Fukinagaszi: to był tylko przykład stylu, który mi się podoba (obok kengai - takie zboczenie może po spacerach po górnym Sopocie), ale nie że się przy tym stylu upieram. Mój błąd zresztą - po co rozmawiać tak wcześnie o stylu. Zapomnijmy.

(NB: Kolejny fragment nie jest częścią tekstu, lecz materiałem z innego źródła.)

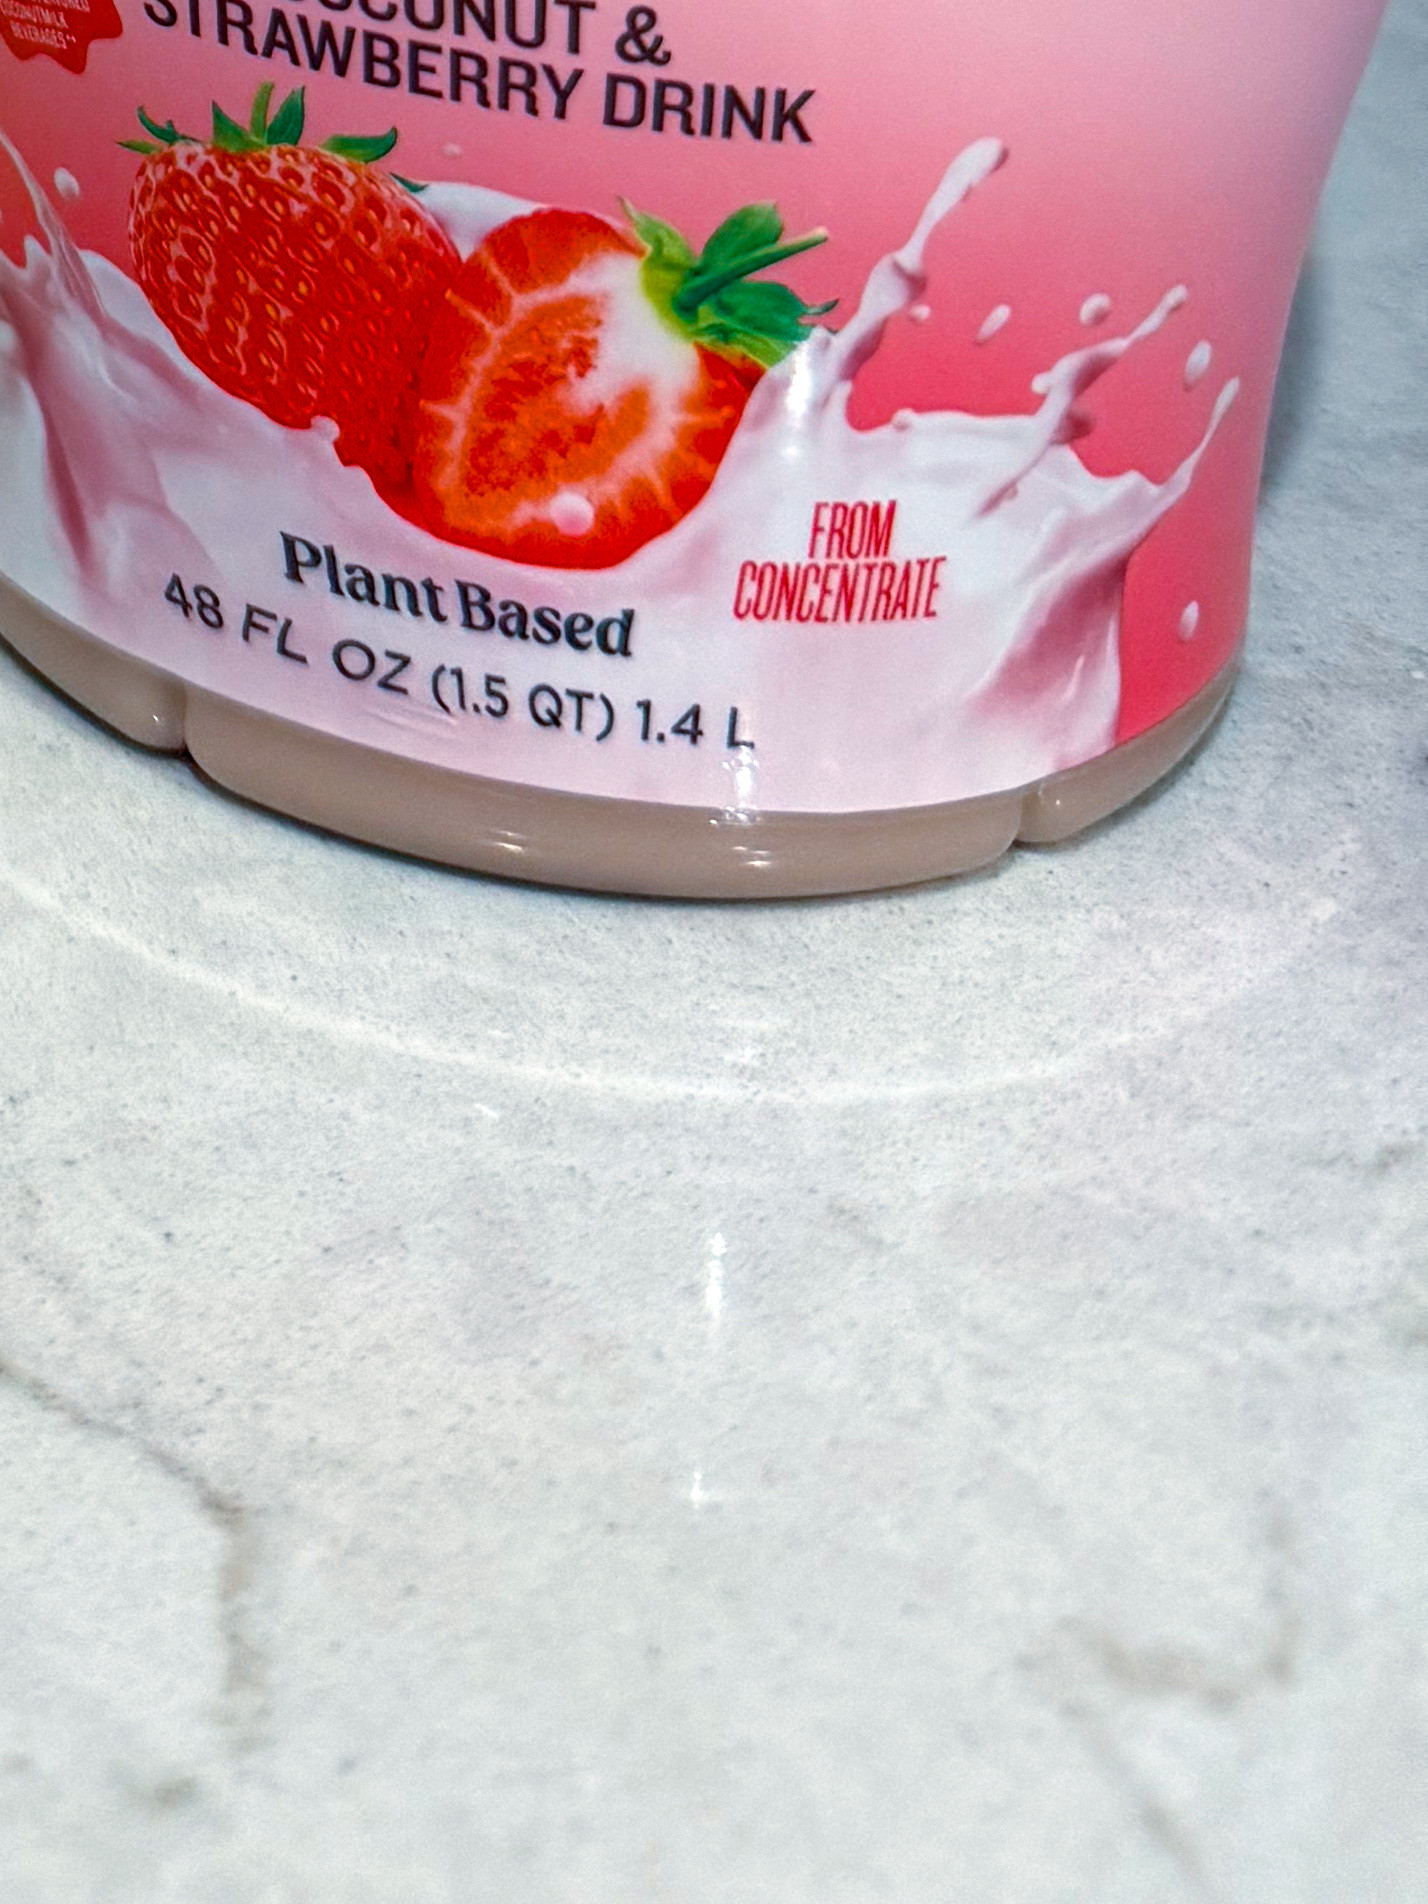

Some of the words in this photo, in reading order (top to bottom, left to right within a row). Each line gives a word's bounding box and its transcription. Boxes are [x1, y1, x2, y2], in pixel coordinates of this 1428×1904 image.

[614, 4, 672, 67] &
[602, 72, 817, 144] DRINK
[808, 500, 898, 560] FROM
[278, 531, 449, 624] Plant
[455, 578, 635, 658] Based
[734, 553, 948, 623] CONCENTRATE
[163, 573, 225, 629] 48
[240, 604, 310, 665] FL
[331, 637, 413, 695] OZ
[432, 664, 509, 719] (1.5
[527, 683, 616, 743] QT)
[636, 698, 705, 746] 1.4
[726, 707, 755, 750] L

A na koniec o teściowej - gdybyście zobaczyli jej ogród, zmienilibyście zdanie Poza tym bywam u niej raz na kilka tygodni, a w kontakcie jestem co kilka dni. Gdybym nie był pewny, że tam lepiej będzie drzewkom niż w moim bloku na balkonie, nie myślałbym o tym rozwiązaniu.
Ronin - 2010-05-01, 00:33
Widzę, że masz już plan działania więc ja rezygnuję z przekonywania Ciebie, że źle robisz i zrobiłeś kopiąc je w ogóle.